### Problem
Produce a perfect copy of the listing, matching each line.
BEGIN
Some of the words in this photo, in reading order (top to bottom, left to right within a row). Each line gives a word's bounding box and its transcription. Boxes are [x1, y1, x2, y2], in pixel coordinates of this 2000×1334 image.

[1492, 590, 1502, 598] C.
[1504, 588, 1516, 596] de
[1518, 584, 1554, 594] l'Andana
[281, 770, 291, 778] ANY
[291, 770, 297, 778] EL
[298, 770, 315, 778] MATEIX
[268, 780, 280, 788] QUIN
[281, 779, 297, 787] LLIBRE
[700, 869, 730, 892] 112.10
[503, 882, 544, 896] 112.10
END
### Output for this task
Some of the words in this photo, in reading order (top to bottom, left to right within a row). Each line gives a word's bounding box and its transcription. Boxes are [x1, y1, x2, y2], in pixel coordinates of this 2000×1334 image.

[1492, 590, 1502, 598] C.
[1504, 588, 1516, 596] de
[1518, 584, 1554, 594] l'Andana
[281, 770, 291, 778] ANY
[291, 770, 297, 778] EL
[298, 770, 315, 778] MATEIX
[268, 780, 280, 788] QUIN
[281, 779, 297, 787] LLIBRE
[700, 869, 730, 892] 112.10
[503, 882, 544, 896] 112.10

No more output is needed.